YOUR GOAL: Transcribe each line below word for word.

** Opening EXERCISE INPUT block **

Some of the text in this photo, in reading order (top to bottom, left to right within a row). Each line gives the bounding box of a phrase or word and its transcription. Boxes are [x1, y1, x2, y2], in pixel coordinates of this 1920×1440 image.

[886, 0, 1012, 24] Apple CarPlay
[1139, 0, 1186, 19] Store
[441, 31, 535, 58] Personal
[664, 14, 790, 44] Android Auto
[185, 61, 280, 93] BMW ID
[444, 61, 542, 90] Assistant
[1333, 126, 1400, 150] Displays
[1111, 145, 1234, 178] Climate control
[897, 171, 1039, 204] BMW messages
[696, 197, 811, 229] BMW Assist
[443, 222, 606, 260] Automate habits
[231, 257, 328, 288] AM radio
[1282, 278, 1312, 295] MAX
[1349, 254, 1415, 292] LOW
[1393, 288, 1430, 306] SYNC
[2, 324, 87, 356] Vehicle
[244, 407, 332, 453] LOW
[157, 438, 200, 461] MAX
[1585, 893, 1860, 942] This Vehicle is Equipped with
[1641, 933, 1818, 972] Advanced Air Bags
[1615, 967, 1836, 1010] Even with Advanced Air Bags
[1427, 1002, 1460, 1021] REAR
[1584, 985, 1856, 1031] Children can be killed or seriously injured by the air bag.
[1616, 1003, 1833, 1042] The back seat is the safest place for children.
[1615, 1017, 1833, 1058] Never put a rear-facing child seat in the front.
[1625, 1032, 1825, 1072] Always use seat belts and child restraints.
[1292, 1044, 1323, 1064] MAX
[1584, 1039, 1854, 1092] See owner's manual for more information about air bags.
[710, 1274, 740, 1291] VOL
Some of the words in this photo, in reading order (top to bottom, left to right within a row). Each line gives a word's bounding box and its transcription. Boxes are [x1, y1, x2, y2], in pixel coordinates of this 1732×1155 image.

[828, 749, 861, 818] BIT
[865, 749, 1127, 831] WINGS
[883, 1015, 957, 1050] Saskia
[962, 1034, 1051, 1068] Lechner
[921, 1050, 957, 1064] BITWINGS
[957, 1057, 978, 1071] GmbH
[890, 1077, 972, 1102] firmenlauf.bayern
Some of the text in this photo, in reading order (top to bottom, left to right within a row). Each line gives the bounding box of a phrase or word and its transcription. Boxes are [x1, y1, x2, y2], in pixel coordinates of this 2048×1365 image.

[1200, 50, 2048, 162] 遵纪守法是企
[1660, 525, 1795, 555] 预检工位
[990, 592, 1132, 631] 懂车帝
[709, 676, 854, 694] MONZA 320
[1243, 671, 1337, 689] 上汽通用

** Closing EXERCISE INPUT block **

EXPECTED ANSWER:
Some of the text in this photo, in reading order (top to bottom, left to right within a row). Each line gives the bounding box of a phrase or word and its transcription. Boxes are [x1, y1, x2, y2], in pixel coordinates of this 1920×1440 image.

[886, 0, 1012, 24] Apple CarPlay
[1139, 0, 1186, 19] Store
[441, 31, 535, 58] Personal
[664, 14, 790, 44] Android Auto
[185, 61, 280, 93] BMW ID
[444, 61, 542, 90] Assistant
[1333, 126, 1400, 150] Displays
[1111, 145, 1234, 178] Climate control
[897, 171, 1039, 204] BMW messages
[696, 197, 811, 229] BMW Assist
[443, 222, 606, 260] Automate habits
[231, 257, 328, 288] AM radio
[1282, 278, 1312, 295] MAX
[1349, 254, 1415, 292] LOW
[1393, 288, 1430, 306] SYNC
[2, 324, 87, 356] Vehicle
[244, 407, 332, 453] LOW
[157, 438, 200, 461] MAX
[1585, 893, 1860, 942] This Vehicle is Equipped with
[1641, 933, 1818, 972] Advanced Air Bags
[1615, 967, 1836, 1010] Even with Advanced Air Bags
[1427, 1002, 1460, 1021] REAR
[1584, 985, 1856, 1031] Children can be killed or seriously injured by the air bag.
[1616, 1003, 1833, 1042] The back seat is the safest place for children.
[1615, 1017, 1833, 1058] Never put a rear-facing child seat in the front.
[1625, 1032, 1825, 1072] Always use seat belts and child restraints.
[1292, 1044, 1323, 1064] MAX
[1584, 1039, 1854, 1092] See owner's manual for more information about air bags.
[710, 1274, 740, 1291] VOL
Some of the words in this photo, in reading order (top to bottom, left to right within a row). Each line gives a word's bounding box and its transcription. Boxes are [x1, y1, x2, y2], in pixel coordinates of this 1732×1155 image.

[828, 749, 861, 818] BIT
[865, 749, 1127, 831] WINGS
[883, 1015, 957, 1050] Saskia
[962, 1034, 1051, 1068] Lechner
[921, 1050, 957, 1064] BITWINGS
[957, 1057, 978, 1071] GmbH
[890, 1077, 972, 1102] firmenlauf.bayern
Some of the text in this photo, in reading order (top to bottom, left to right within a row). Each line gives the bounding box of a phrase or word and its transcription. Boxes are [x1, y1, x2, y2], in pixel coordinates of this 2048×1365 image.

[1200, 50, 2048, 162] 遵纪守法是企
[1660, 525, 1795, 555] 预检工位
[990, 592, 1132, 631] 懂车帝
[709, 676, 854, 694] MONZA 320
[1243, 671, 1337, 689] 上汽通用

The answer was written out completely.